Interview by Sandy Joy Weston
Zoe Huff is a recent graduate from Syracuse University with a B.S. in Media Communication and technology, which we definitely need that now. Her goal is to create a career path that combines her undergraduate degree with her passion for fitness and entrepreneurship. In this collaboration with “Let’s Keep It Real” podcast, Sandy Joy Weston sits down with Zoe for a socially distanced interview.
Sandy Joy Weston: Zoe, welcome.
Zoe Huff: Thank you, Sandy, so much for having me.
SW: When did you graduate Syracuse?
ZH: I graduated the first week of May. Yeah. Pretty recent
SW: Woo. Welcome to the world, Zoe.
ZH: What a welcoming, but yes.
SW: Well, it’s preparing you for I don’t know what. Where do you live?
ZH: I’m from Poughkeepsie, New York. Well, not from, but I’m from Dutchess County, New York. I live in Arlington, New York with my mother, but I stayed up in Syracuse, extended my lease, because I figured quarantining up here was a whole lot safer, fewer cases. I knew a lot of people here so I was able to quarantine with my friends.
SW: What a smart girl you are. All right, Zoe. I would like to start out with words. I love words. I love movement. If you follow me at all, people, you know that’s my thing. If you could pick a word to best describe, good, bad and ugly, doesn’t matter, how you felt in the last 30 days. Now I know a lot of people say to me, Zoe, “Well, oh my goodness.

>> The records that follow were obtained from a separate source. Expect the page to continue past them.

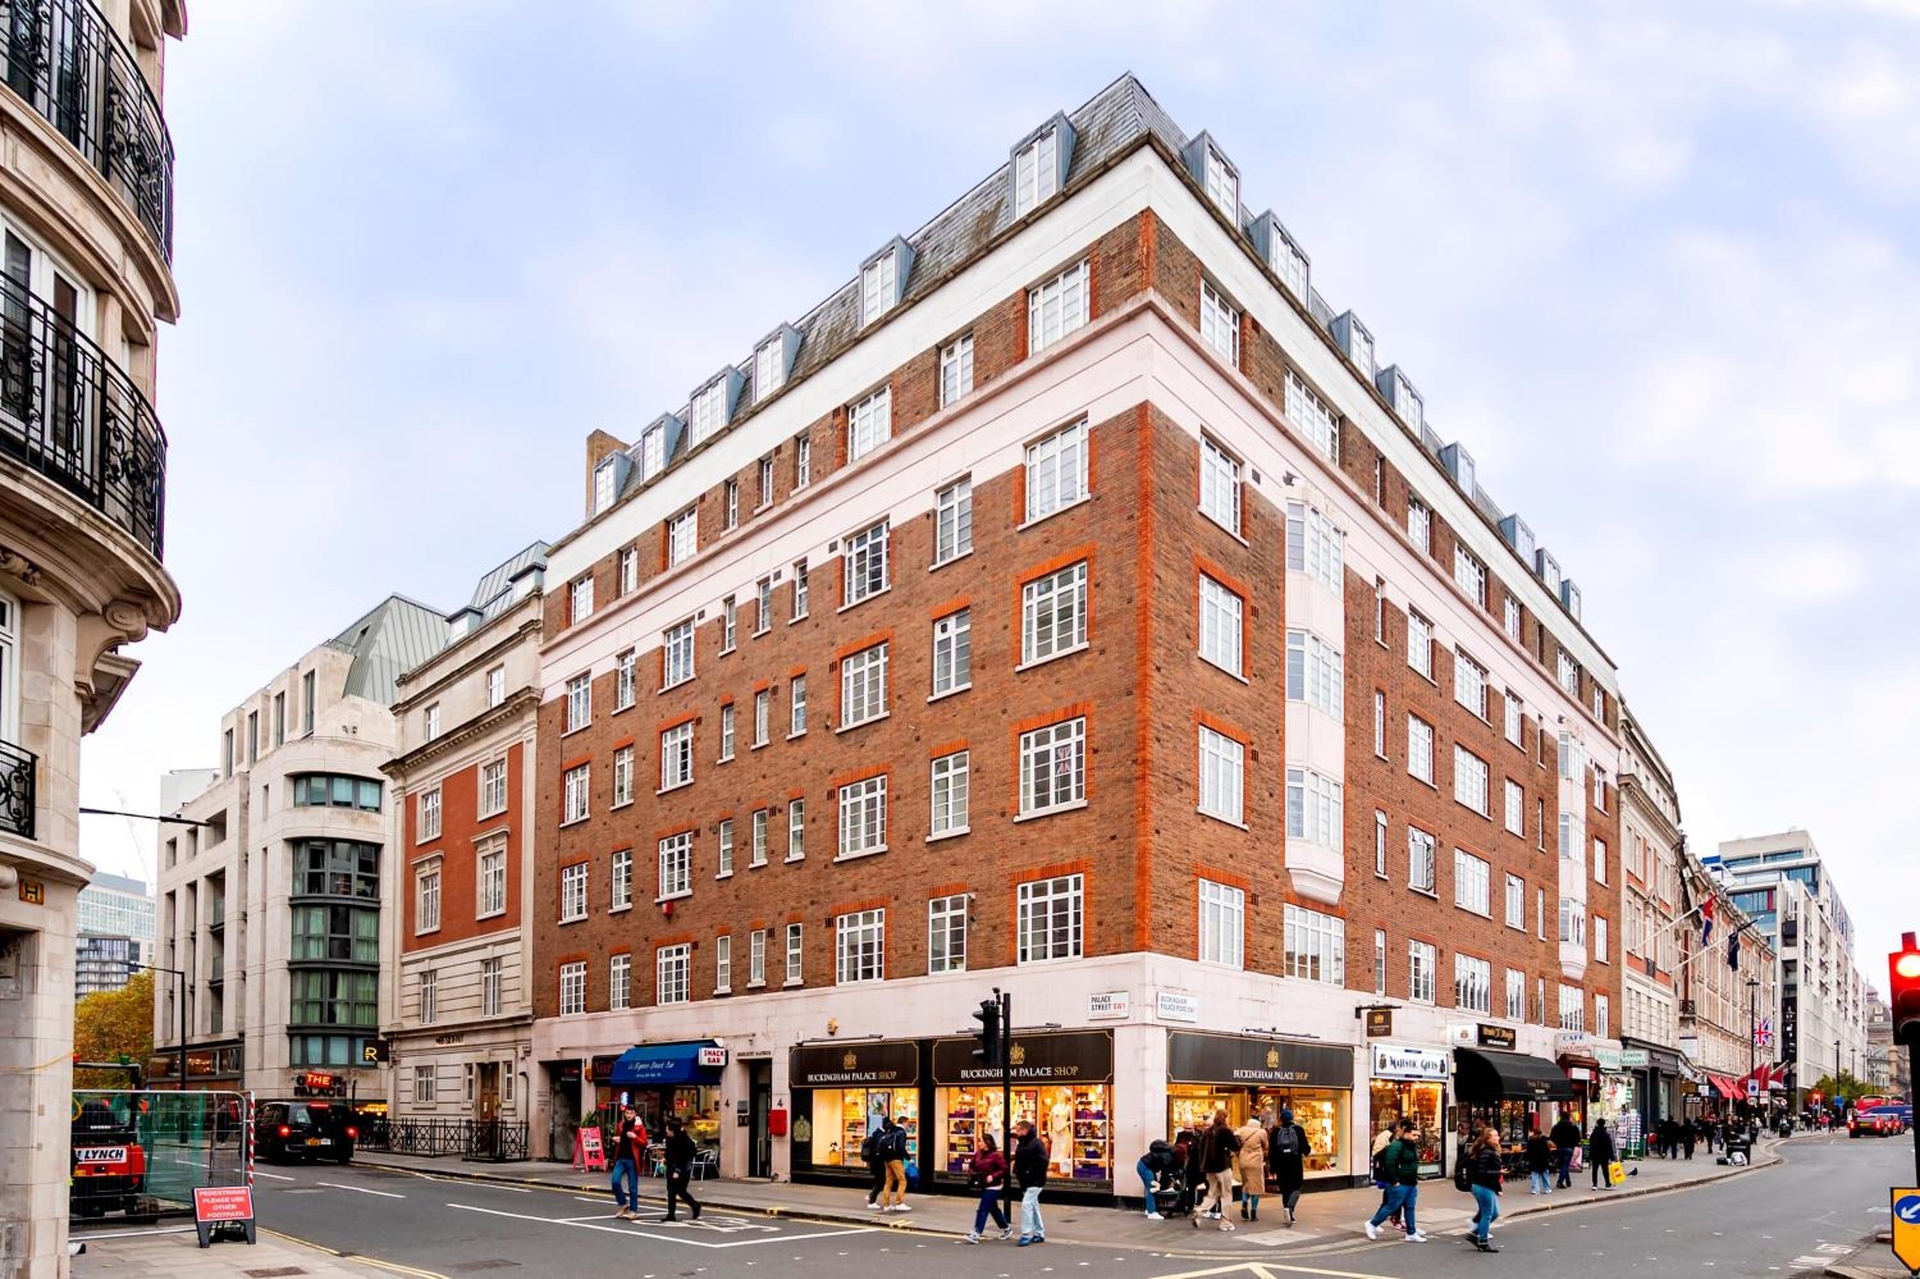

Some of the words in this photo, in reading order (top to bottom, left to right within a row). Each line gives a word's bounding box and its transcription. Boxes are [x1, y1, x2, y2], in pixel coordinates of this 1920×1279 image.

[1091, 1003, 1111, 1011] STREET
[704, 1049, 724, 1057] SNACK
[807, 1073, 851, 1082] BUCKINGHAM
[852, 1072, 877, 1081] PALACE
[878, 1071, 897, 1080] SHOP
[961, 1068, 1017, 1079] BUCKINGHM
[1019, 1067, 1052, 1077] PALACE
[1054, 1065, 1079, 1076] SHOP
[1233, 1069, 1273, 1079] BUCKINGHAM
[1274, 1071, 1294, 1080] PALACE
[1294, 1072, 1309, 1080] SHOP
[306, 1073, 331, 1085] THE
[725, 1099, 730, 1107] 4
[778, 1099, 783, 1107] 4
[85, 1150, 124, 1159] LYNCH

My emotions have been all over the place.” I get it. If it’s really 50/50, you can give me two words. Some guy said, “Elated, depressed.” I’m like, “Okay, I could go with that.” But majority of the time, what would the word be?

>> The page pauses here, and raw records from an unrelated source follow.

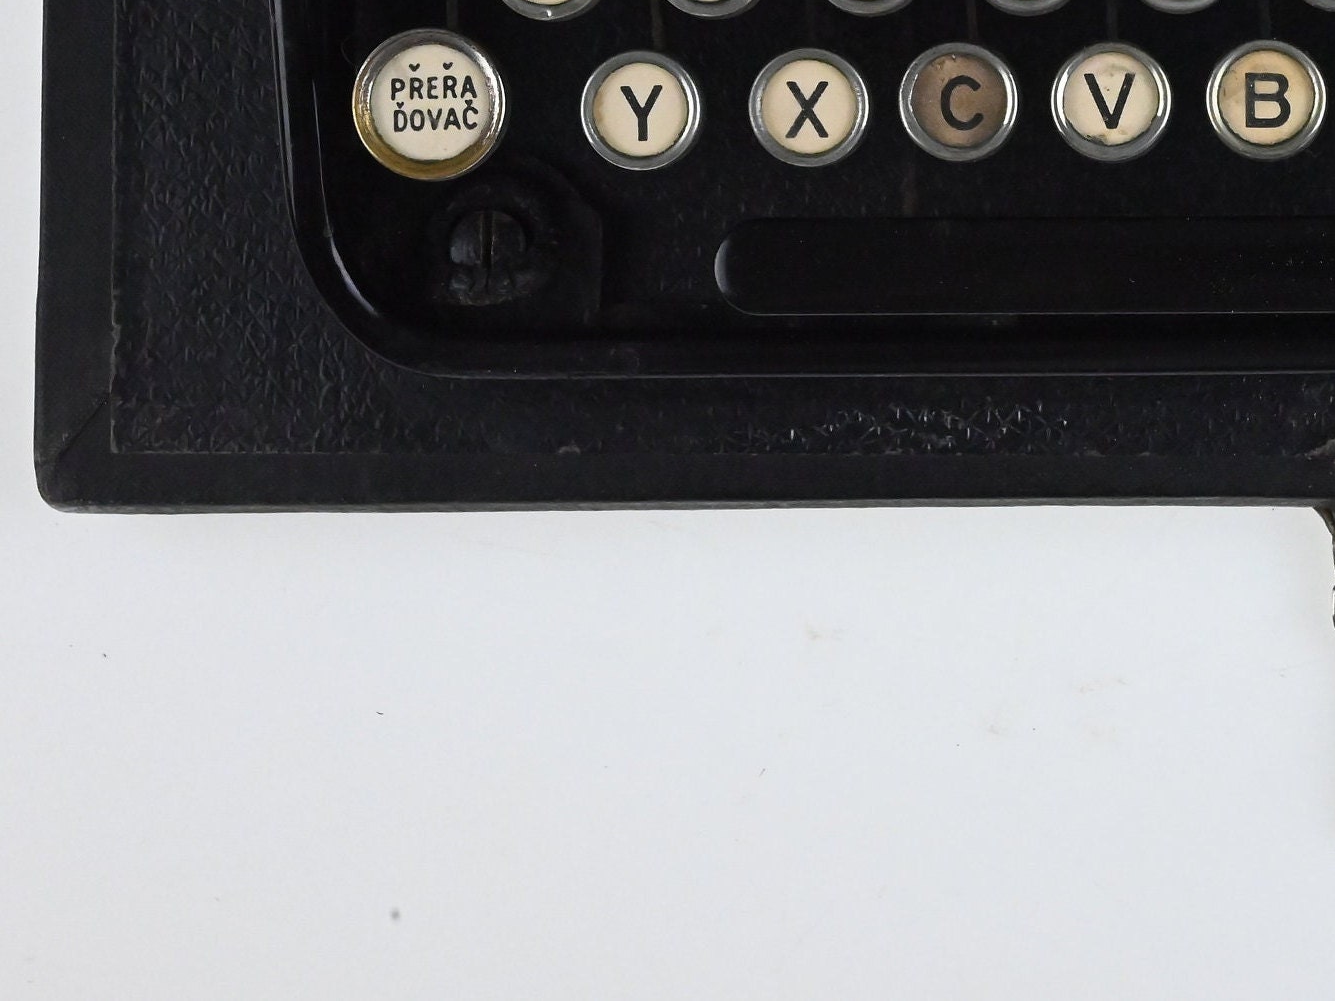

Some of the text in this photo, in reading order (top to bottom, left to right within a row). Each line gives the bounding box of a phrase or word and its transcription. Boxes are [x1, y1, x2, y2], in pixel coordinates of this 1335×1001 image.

[620, 84, 663, 142] Y
[785, 80, 829, 139] X
[940, 74, 984, 131] C
[1083, 72, 1136, 130] V
[1244, 72, 1291, 129] B
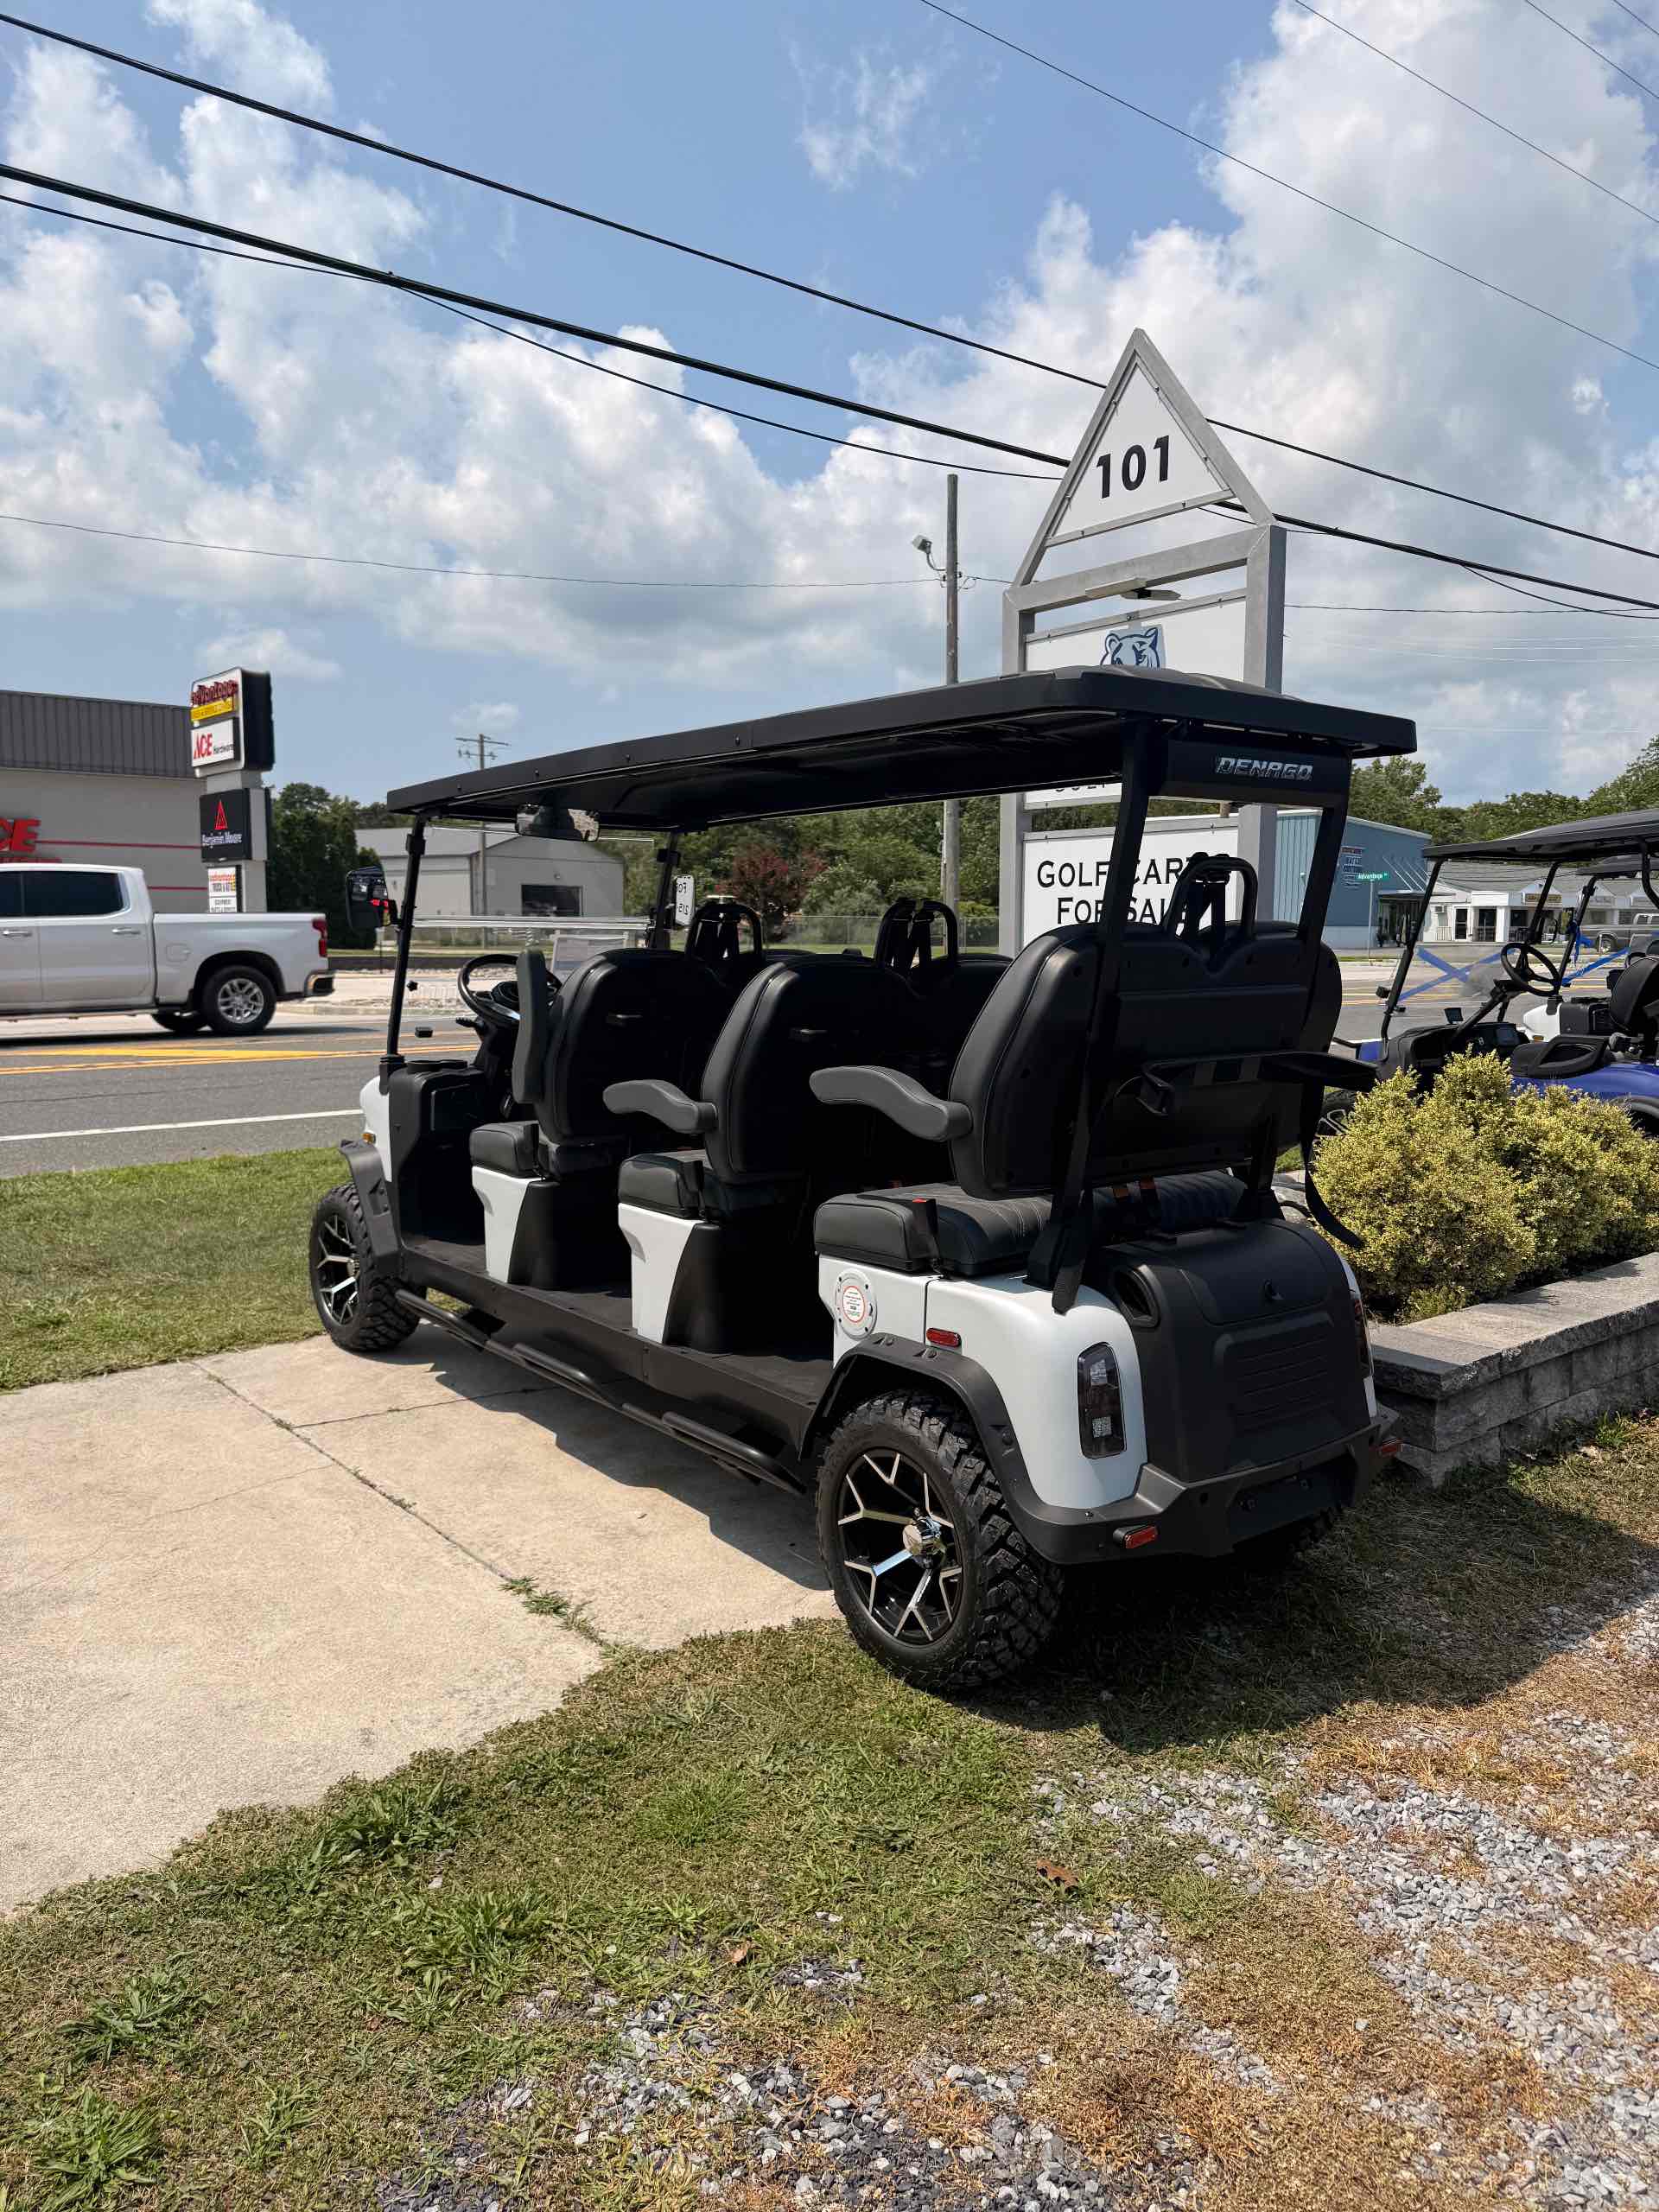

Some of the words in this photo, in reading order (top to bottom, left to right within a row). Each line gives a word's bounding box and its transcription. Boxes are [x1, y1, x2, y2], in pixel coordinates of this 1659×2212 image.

[1096, 435, 1169, 499] 101
[194, 733, 213, 760] ACE
[1217, 757, 1313, 779] DENAGO
[1037, 860, 1109, 888] GOLF
[1127, 897, 1172, 924] SAL

ZH: I would say stagnant, not because I’m not doing anything to better myself, but because I feel like the world is on hold and I can’t exactly be out and socializing and networking in the way that I had hoped to post-grad. But I can also say that I feel appreciative because this is a time that I feel like I could utilize to focus on myself, which I’m not sure I would have the same amount of focus or time if I didn’t have the pandemic.
SW: Oh, okay. I like that. You’re looking at it like, “Yeah, this is sucky, but I can’t do anything about it. Now I’m going to take the opportunity to work on me.”
SW: Movement is a big part of your life. In the last few months, what has been your movement?
ZH: Well, I have a trainer friend that I used to know through a few mutual people by going to Powerhouse, which is a gym that I go to in Syracuse. Of course, it’s not open right now, but in the last few months we’ve been able to train together. I’ve been doing pull ups at the park, pushups, lots of calisthenics. He has some free weights. I’ve been able to keep up my fitness regimen as best as possible, which has been really helpful for my mental health during this time. I’ve been seeing some gains. I’ve been able to kind of push some of my friends and post on social media on my story to show people that just because it’s a pandemic, just because you don’t have the same resources that you normally would have, you can still put your mind to it and accomplish things.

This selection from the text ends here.